The red ruffed lemur (Varecia rubra) is one of two species in the genus Varecia, the ruffed lemurs; the other is the black-and-white ruffed lemur (Varecia variegata). Like all lemurs, it is native to Madagascar. It occurs only in the rainforests of Masoala, in the northeast of the island. It is one of the largest primates of Madagascar with a body length of 53 cm, a tail length of 60 cm and a weight of 3.3–3.6 kg. Its soft, thick fur is red and black in color and sports a buff or cream colored spot at the nape, but a few are known to have a white or pink patch on the back of the limbs or digits and a ring on the base of the tail in a similar color.

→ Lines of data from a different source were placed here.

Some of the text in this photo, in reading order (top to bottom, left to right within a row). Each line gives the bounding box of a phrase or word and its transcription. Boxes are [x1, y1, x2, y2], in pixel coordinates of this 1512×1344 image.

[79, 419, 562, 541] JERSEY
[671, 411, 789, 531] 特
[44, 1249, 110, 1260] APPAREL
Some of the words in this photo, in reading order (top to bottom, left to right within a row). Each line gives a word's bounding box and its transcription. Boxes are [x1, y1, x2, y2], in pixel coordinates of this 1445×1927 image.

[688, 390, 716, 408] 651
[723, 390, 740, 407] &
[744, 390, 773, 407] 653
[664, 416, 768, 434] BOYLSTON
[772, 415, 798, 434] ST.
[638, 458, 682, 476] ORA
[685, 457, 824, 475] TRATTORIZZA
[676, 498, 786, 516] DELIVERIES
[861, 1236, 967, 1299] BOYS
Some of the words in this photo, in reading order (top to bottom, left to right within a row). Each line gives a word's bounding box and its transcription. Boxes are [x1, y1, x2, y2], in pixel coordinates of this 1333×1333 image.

==Physical characteristics==

Ruffed lemurs are the largest members of the family Lemuridae, with this species being the larger of the two. They weigh 3.3–3.6 kg. They are about 53 cm long, with a 60 cm tail. Females are slightly larger than males. They have slender bodies and long legs. Red ruffed lemurs have a narrow snout with small back ears that are sometimes hidden by their long fur. They groom themselves using their toothcomb.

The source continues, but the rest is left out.